24/27 5. Evaluation (2/2) The performance in grounding the contrastive proteins with Swiss-Prot entries: Out of the 200 focused protein names in the test protein contrasts, 182 names were expressed with adequate clarifying descriptions in their respective abstracts for grounding. Among these 182 protein names, the system correctly grounded 164 (90.1% precision) and linked 6 additional protein names with partially correct entries (3.3% partial precision).

25/27 6. Applications (1/2) Refine pathway roles of similar proteins These information can be used for distinguishing between the finer biological roles of seemingly similar proteins.

26/27 6. Applications (2/2) Identify implicitly similar proteins Such implicit similarity information can be useful in understanding the interactome (e.g. functional annotation of proteins). E.g. Out of the 5407 protein contrasts that involved functionally annotated proteins, there are 4948 contrasts (91.7%) between proteins that shared at least one GO code at level 2. This suggested that there are implicit functional similarities between the focused proteins being contrasted.

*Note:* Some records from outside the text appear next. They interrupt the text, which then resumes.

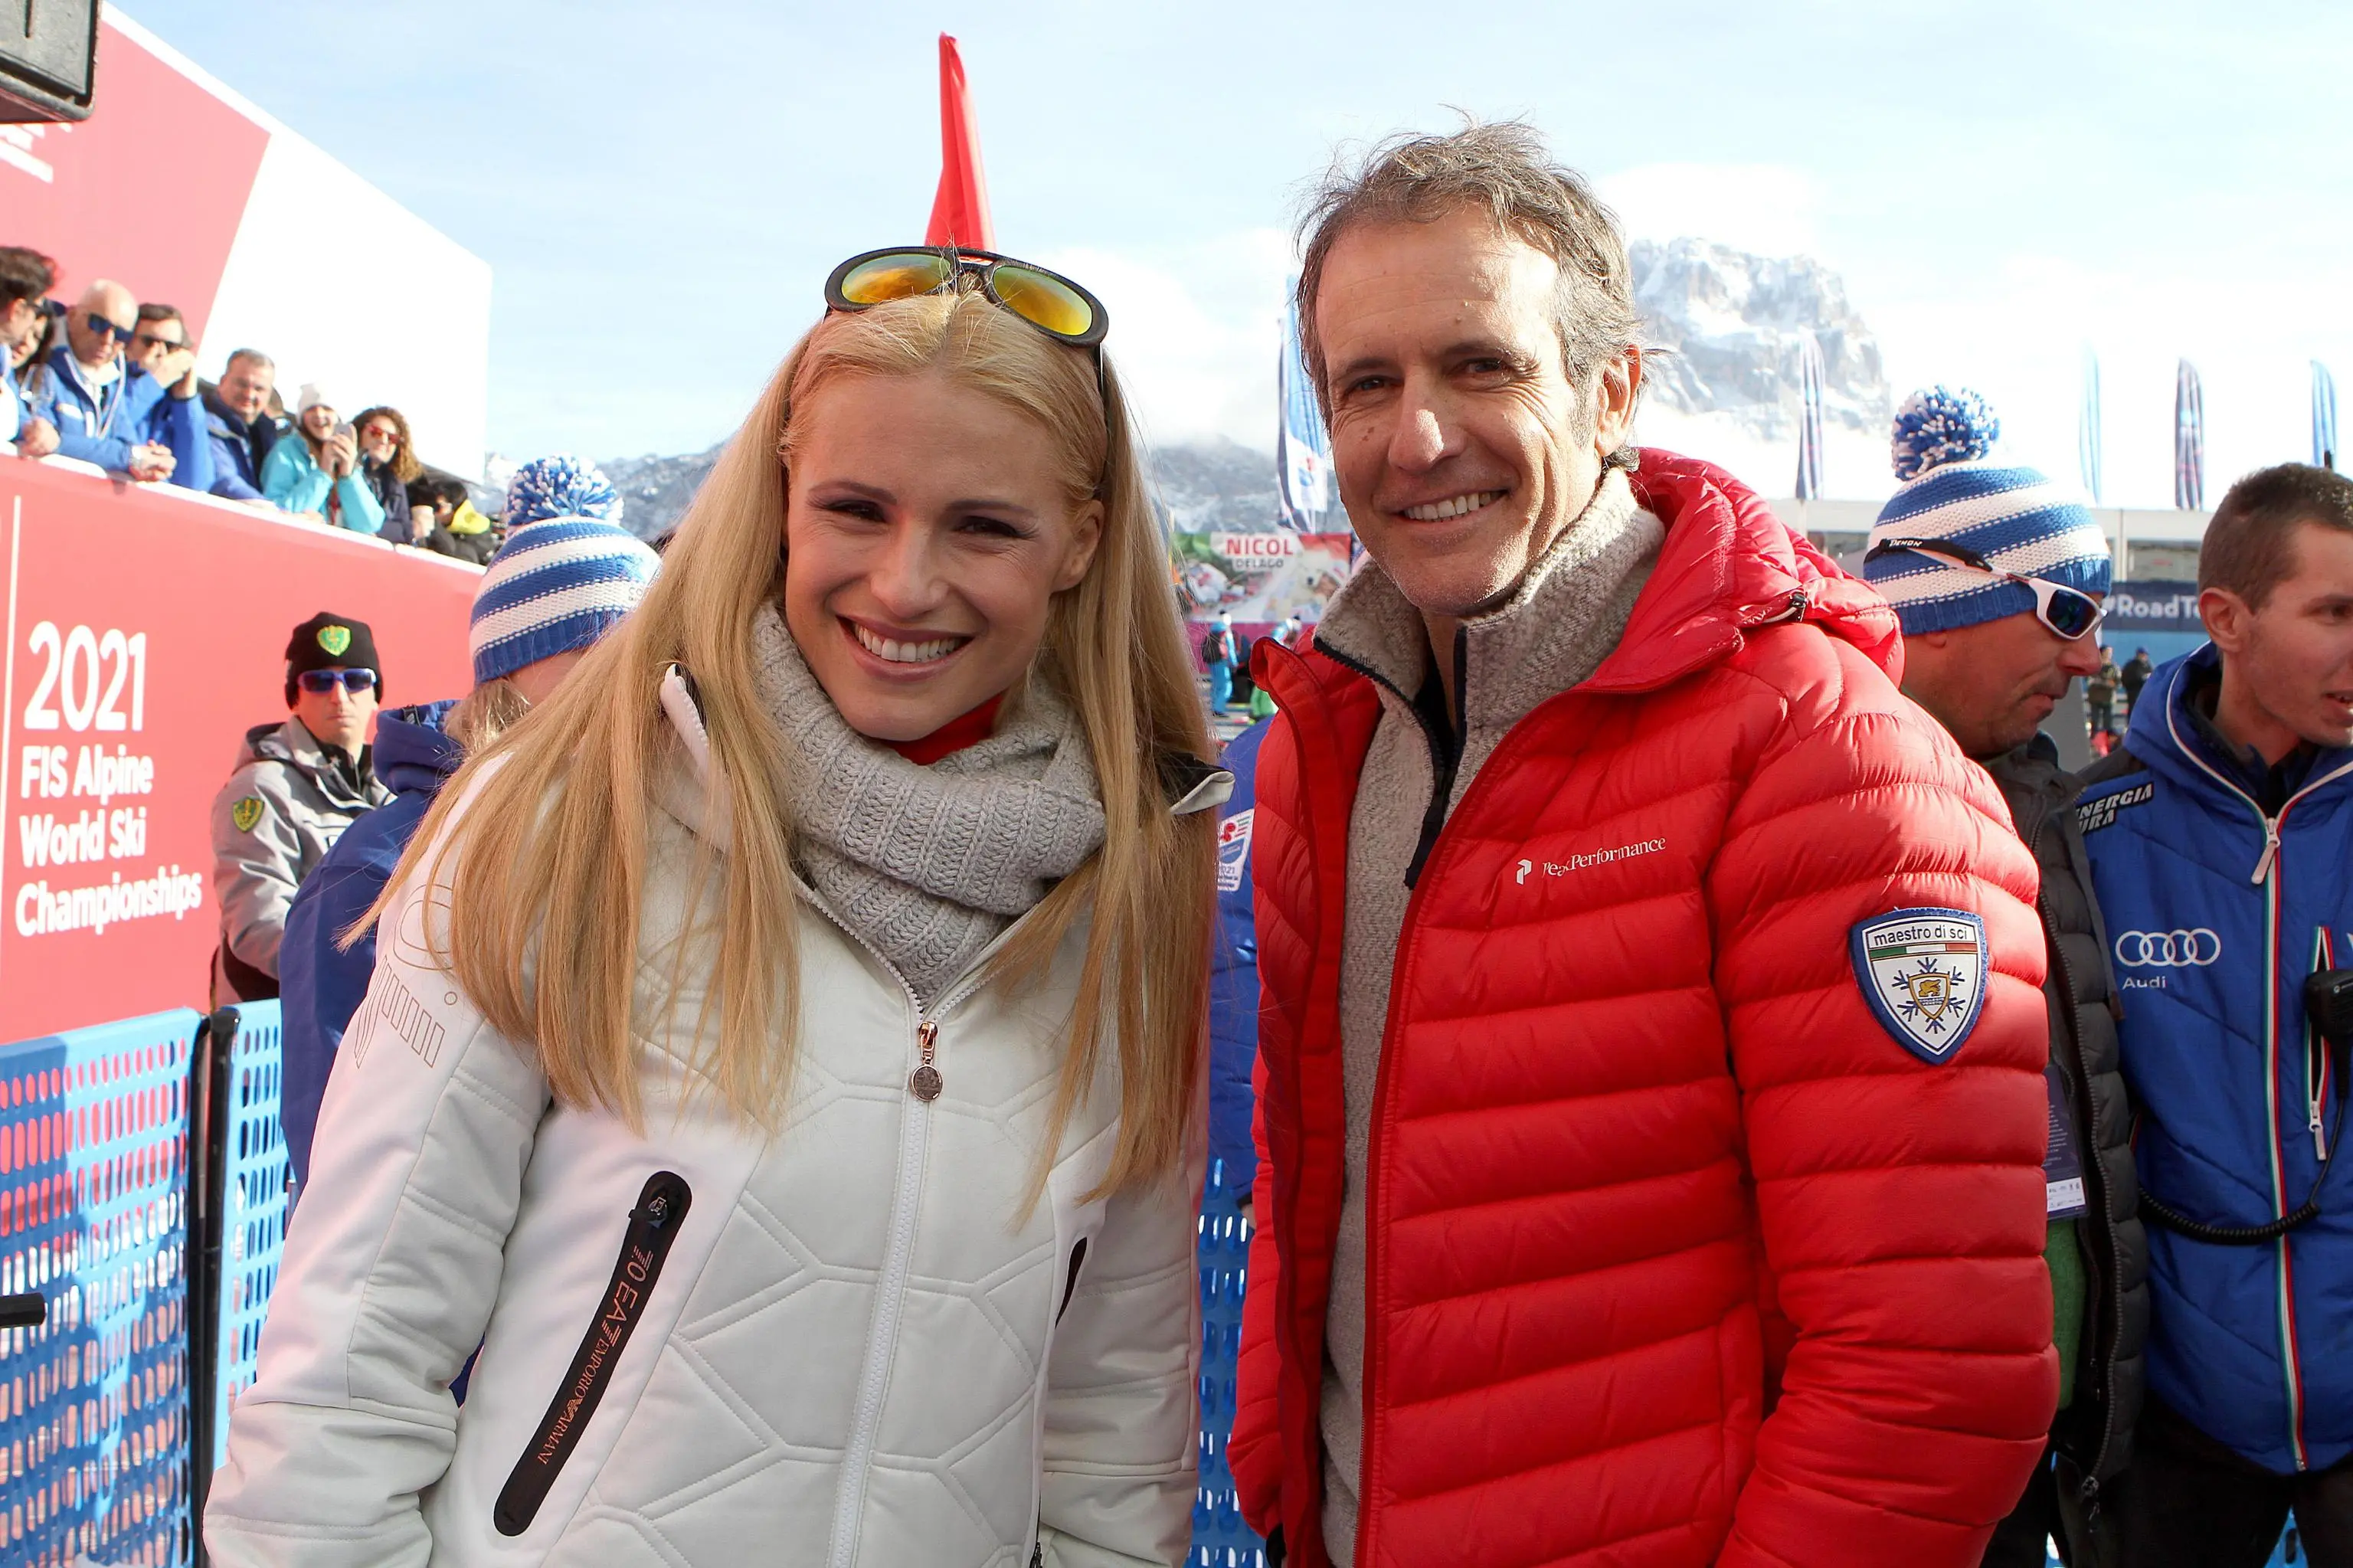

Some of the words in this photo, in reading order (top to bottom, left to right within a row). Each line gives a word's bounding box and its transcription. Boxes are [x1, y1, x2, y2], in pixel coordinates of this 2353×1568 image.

[1227, 538, 1294, 555] NICOL
[1889, 539, 1923, 548] DEMON
[24, 620, 146, 732] 2021
[21, 745, 68, 798] FIS
[73, 744, 154, 805] Alpine
[2076, 784, 2152, 820] NERGIA
[19, 809, 105, 867] World
[109, 807, 147, 859] Ski
[15, 864, 202, 937] Championships
[1874, 926, 1932, 946] maestro
[1935, 925, 1946, 939] di
[1949, 927, 1968, 940] sci
[2122, 976, 2166, 990] Audi
[574, 1338, 610, 1398] EMPORIO
[538, 1411, 571, 1465] ARMANI
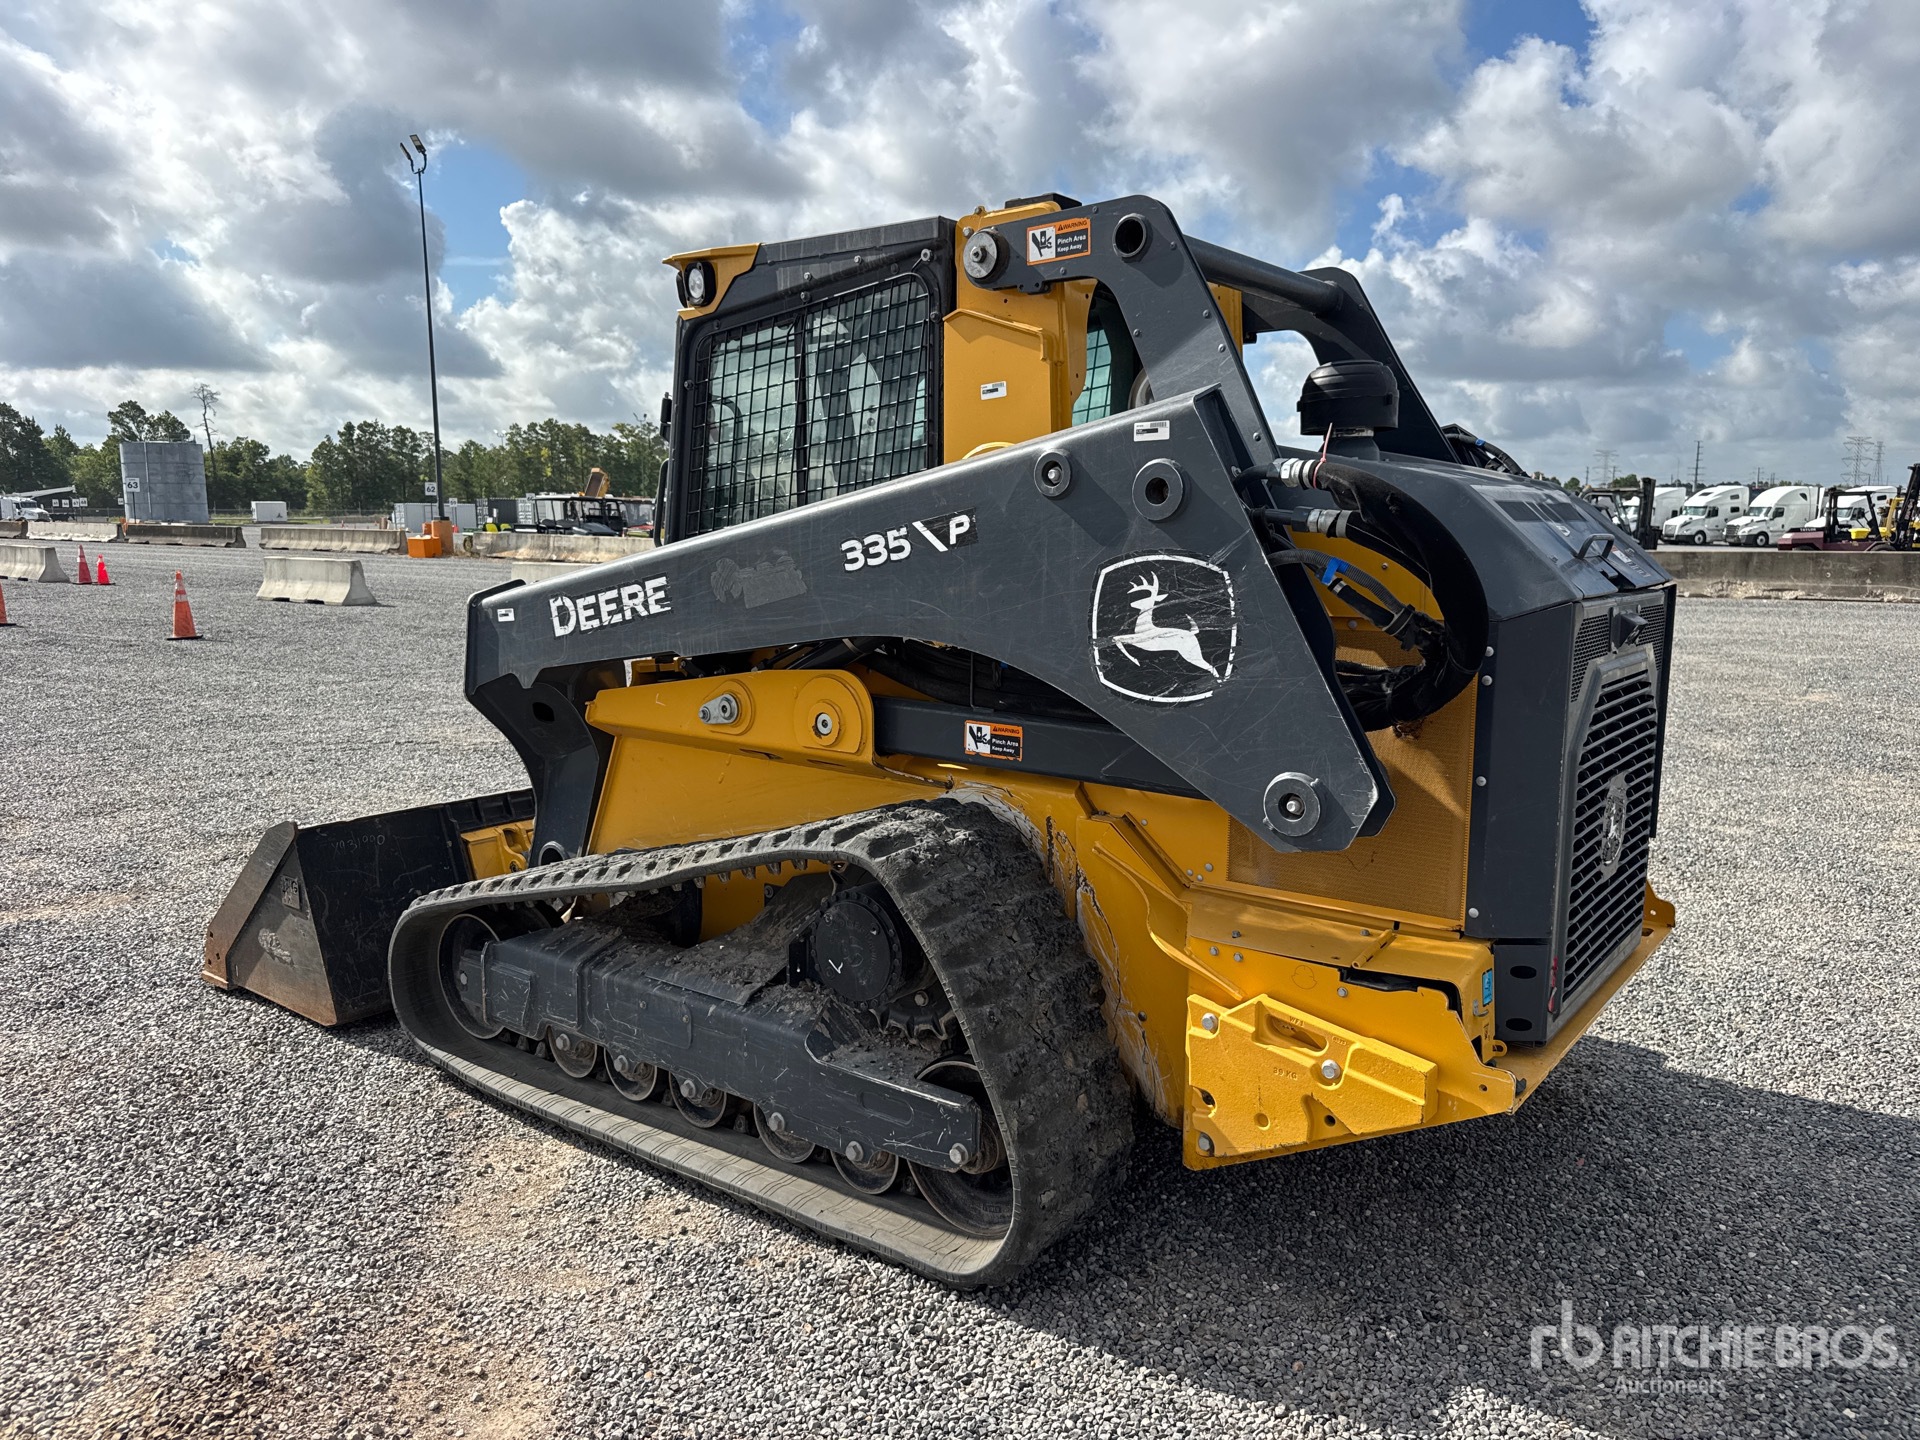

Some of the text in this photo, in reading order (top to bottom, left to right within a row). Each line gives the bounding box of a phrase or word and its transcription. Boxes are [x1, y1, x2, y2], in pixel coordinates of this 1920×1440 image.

[1062, 220, 1087, 230] WARNING
[1057, 234, 1087, 245] Pinch Area
[127, 481, 138, 489] 63
[840, 526, 911, 572] 335
[549, 576, 671, 637] DEERE
[996, 727, 1019, 735] WARNING

27/27 7. Conclusions BioContrasts system captures useful contrastive and nonpositive biological relationships between proteins by extracting contrastive expressions in the MEDLINE abstracts containing the contrastive negation patterns. Future work: Extract contrastive information expressed in linguistic structures other than ‘ A but not B ’. Other ways for exploiting the extracted contrasts for biological knowledge discovery. E.g., it may be possible that the presupposed properties (biological activities) of the same pairs of focused proteins are also related to each other.